■ **Work request**
Every entry must be given again exactly. Include no pictures.
"""
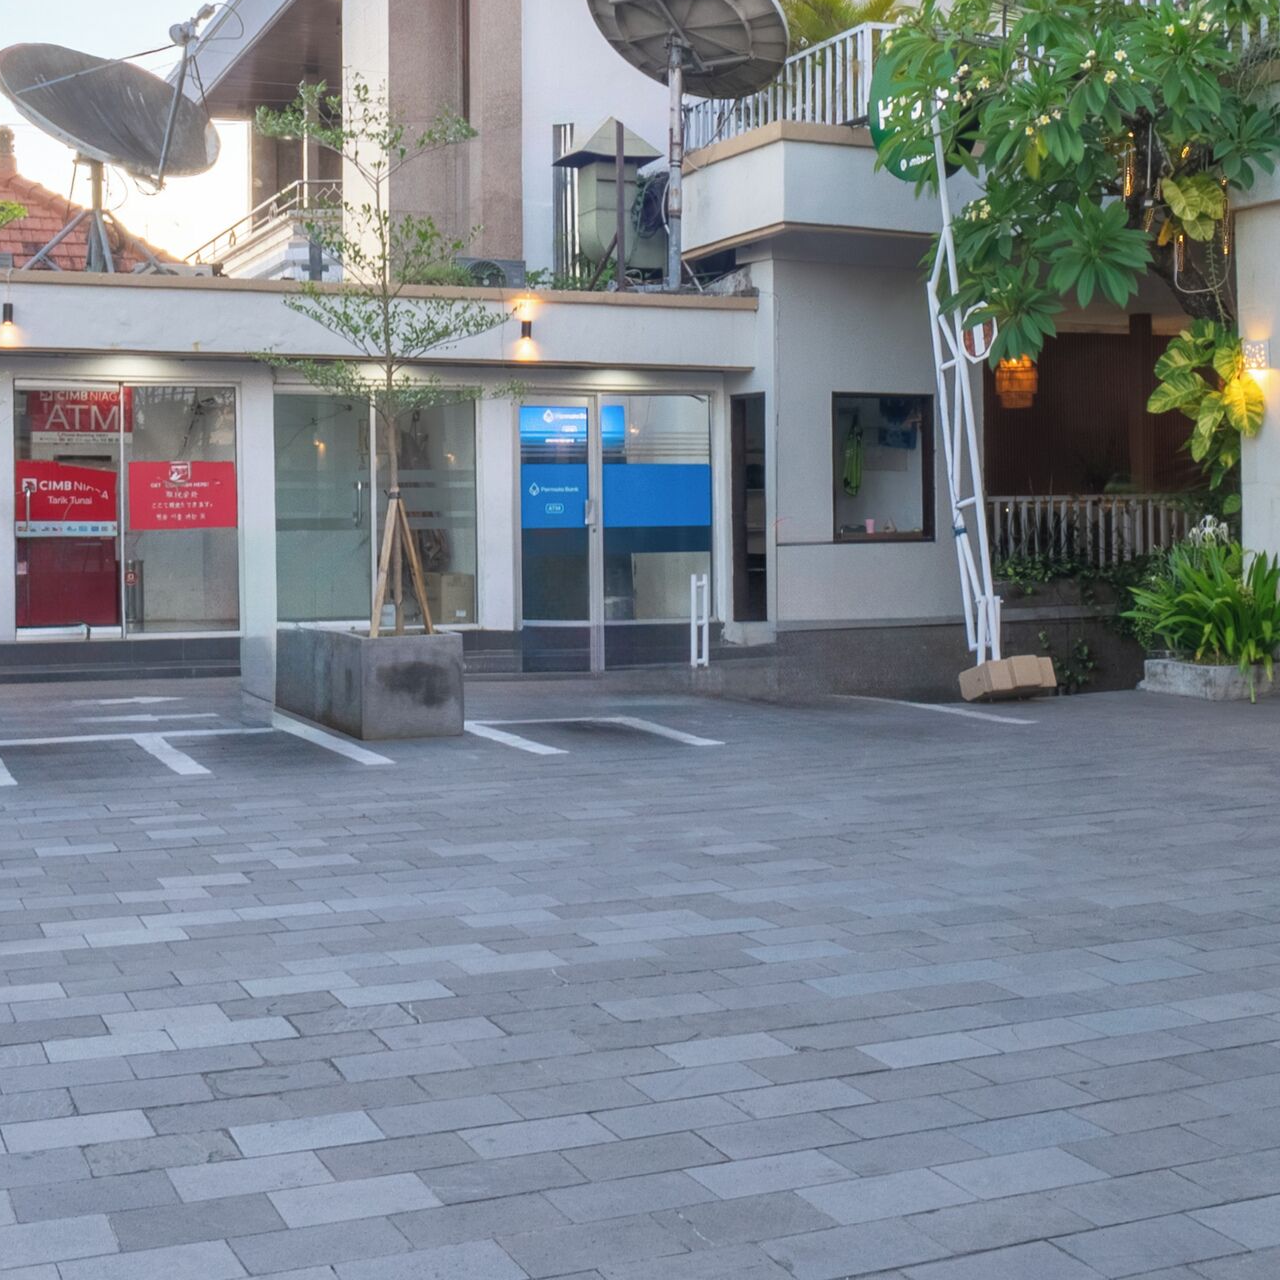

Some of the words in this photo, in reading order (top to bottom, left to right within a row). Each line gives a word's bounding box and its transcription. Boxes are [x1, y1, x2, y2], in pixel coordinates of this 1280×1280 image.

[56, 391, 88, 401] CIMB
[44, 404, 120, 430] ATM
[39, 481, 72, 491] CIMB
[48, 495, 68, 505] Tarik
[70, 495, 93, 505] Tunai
"""
■ **Your response**
Some of the words in this photo, in reading order (top to bottom, left to right within a row). Each line gives a word's bounding box and its transcription. Boxes are [x1, y1, x2, y2], in pixel coordinates of this 1280×1280 image.

[56, 391, 88, 401] CIMB
[44, 404, 120, 430] ATM
[39, 481, 72, 491] CIMB
[48, 495, 68, 505] Tarik
[70, 495, 93, 505] Tunai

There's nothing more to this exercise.